(Items from a dataset)
┌──

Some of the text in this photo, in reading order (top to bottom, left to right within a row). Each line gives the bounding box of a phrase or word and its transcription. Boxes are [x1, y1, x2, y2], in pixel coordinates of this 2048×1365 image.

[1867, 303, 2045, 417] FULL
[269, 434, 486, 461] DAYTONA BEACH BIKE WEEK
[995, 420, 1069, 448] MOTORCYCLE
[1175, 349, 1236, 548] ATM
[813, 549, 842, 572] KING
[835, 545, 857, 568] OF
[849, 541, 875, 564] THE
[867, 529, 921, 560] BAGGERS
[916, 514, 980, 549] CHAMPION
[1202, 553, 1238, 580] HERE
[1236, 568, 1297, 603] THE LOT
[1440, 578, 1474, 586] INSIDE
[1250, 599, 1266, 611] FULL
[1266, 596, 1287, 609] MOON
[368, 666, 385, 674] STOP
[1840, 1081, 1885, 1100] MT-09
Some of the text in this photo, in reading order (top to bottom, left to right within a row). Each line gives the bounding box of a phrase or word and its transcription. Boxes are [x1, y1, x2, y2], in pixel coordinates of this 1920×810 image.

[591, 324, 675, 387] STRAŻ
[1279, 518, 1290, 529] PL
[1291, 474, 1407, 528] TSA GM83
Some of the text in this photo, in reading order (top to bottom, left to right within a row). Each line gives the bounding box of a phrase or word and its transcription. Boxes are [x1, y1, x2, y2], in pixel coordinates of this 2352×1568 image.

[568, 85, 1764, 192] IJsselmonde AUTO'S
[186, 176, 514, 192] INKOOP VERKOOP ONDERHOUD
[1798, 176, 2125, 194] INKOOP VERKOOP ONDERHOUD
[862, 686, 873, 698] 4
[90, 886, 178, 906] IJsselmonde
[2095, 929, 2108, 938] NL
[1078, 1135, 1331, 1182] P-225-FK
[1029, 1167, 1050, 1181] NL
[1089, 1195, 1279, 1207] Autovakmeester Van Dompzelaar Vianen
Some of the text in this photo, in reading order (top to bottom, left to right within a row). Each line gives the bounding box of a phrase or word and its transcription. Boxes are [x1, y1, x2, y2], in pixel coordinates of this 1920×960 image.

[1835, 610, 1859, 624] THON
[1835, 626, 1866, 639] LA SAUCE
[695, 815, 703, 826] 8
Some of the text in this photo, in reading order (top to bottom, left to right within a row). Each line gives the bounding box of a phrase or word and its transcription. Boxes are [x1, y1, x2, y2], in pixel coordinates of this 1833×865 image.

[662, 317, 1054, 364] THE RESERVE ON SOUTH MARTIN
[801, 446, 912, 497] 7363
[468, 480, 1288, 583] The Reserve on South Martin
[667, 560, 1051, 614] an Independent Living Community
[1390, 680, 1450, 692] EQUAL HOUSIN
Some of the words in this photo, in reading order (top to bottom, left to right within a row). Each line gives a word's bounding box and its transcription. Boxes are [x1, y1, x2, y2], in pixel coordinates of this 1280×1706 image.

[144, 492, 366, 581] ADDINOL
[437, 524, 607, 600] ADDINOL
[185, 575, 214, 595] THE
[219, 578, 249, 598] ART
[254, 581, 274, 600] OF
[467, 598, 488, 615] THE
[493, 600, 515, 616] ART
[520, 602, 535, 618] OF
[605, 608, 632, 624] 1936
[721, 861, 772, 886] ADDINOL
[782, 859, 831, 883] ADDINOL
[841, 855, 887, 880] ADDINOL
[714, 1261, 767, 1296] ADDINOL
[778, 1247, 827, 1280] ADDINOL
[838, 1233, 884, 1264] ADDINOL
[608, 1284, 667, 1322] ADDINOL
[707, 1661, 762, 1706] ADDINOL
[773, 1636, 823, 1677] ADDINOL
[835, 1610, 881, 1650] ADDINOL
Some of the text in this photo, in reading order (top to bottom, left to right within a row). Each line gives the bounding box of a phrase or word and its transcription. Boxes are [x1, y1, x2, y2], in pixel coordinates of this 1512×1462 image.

└──

WORK INSTRUCTION
Would you please output every record again, exactly?

EXERCISE RESULT
Some of the text in this photo, in reading order (top to bottom, left to right within a row). Each line gives the bounding box of a phrase or word and its transcription. Boxes are [x1, y1, x2, y2], in pixel coordinates of this 2048×1365 image.

[1867, 303, 2045, 417] FULL
[269, 434, 486, 461] DAYTONA BEACH BIKE WEEK
[995, 420, 1069, 448] MOTORCYCLE
[1175, 349, 1236, 548] ATM
[813, 549, 842, 572] KING
[835, 545, 857, 568] OF
[849, 541, 875, 564] THE
[867, 529, 921, 560] BAGGERS
[916, 514, 980, 549] CHAMPION
[1202, 553, 1238, 580] HERE
[1236, 568, 1297, 603] THE LOT
[1440, 578, 1474, 586] INSIDE
[1250, 599, 1266, 611] FULL
[1266, 596, 1287, 609] MOON
[368, 666, 385, 674] STOP
[1840, 1081, 1885, 1100] MT-09
Some of the text in this photo, in reading order (top to bottom, left to right within a row). Each line gives the bounding box of a phrase or word and its transcription. Boxes are [x1, y1, x2, y2], in pixel coordinates of this 1920×810 image.

[591, 324, 675, 387] STRAŻ
[1279, 518, 1290, 529] PL
[1291, 474, 1407, 528] TSA GM83
Some of the text in this photo, in reading order (top to bottom, left to right within a row). Each line gives the bounding box of a phrase or word and its transcription. Boxes are [x1, y1, x2, y2], in pixel coordinates of this 2352×1568 image.

[568, 85, 1764, 192] IJsselmonde AUTO'S
[186, 176, 514, 192] INKOOP VERKOOP ONDERHOUD
[1798, 176, 2125, 194] INKOOP VERKOOP ONDERHOUD
[862, 686, 873, 698] 4
[90, 886, 178, 906] IJsselmonde
[2095, 929, 2108, 938] NL
[1078, 1135, 1331, 1182] P-225-FK
[1029, 1167, 1050, 1181] NL
[1089, 1195, 1279, 1207] Autovakmeester Van Dompzelaar Vianen
Some of the text in this photo, in reading order (top to bottom, left to right within a row). Each line gives the bounding box of a phrase or word and its transcription. Boxes are [x1, y1, x2, y2], in pixel coordinates of this 1920×960 image.

[1835, 610, 1859, 624] THON
[1835, 626, 1866, 639] LA SAUCE
[695, 815, 703, 826] 8
Some of the text in this photo, in reading order (top to bottom, left to right within a row). Each line gives the bounding box of a phrase or word and its transcription. Boxes are [x1, y1, x2, y2], in pixel coordinates of this 1833×865 image.

[662, 317, 1054, 364] THE RESERVE ON SOUTH MARTIN
[801, 446, 912, 497] 7363
[468, 480, 1288, 583] The Reserve on South Martin
[667, 560, 1051, 614] an Independent Living Community
[1390, 680, 1450, 692] EQUAL HOUSIN
Some of the words in this photo, in reading order (top to bottom, left to right within a row). Each line gives a word's bounding box and its transcription. Boxes are [x1, y1, x2, y2], in pixel coordinates of this 1280×1706 image.

[144, 492, 366, 581] ADDINOL
[437, 524, 607, 600] ADDINOL
[185, 575, 214, 595] THE
[219, 578, 249, 598] ART
[254, 581, 274, 600] OF
[467, 598, 488, 615] THE
[493, 600, 515, 616] ART
[520, 602, 535, 618] OF
[605, 608, 632, 624] 1936
[721, 861, 772, 886] ADDINOL
[782, 859, 831, 883] ADDINOL
[841, 855, 887, 880] ADDINOL
[714, 1261, 767, 1296] ADDINOL
[778, 1247, 827, 1280] ADDINOL
[838, 1233, 884, 1264] ADDINOL
[608, 1284, 667, 1322] ADDINOL
[707, 1661, 762, 1706] ADDINOL
[773, 1636, 823, 1677] ADDINOL
[835, 1610, 881, 1650] ADDINOL
Some of the text in this photo, in reading order (top to bottom, left to right within a row). Each line gives the bounding box of a phrase or word and its transcription. Boxes are [x1, y1, x2, y2], in pixel coordinates of this 1512×1462 image.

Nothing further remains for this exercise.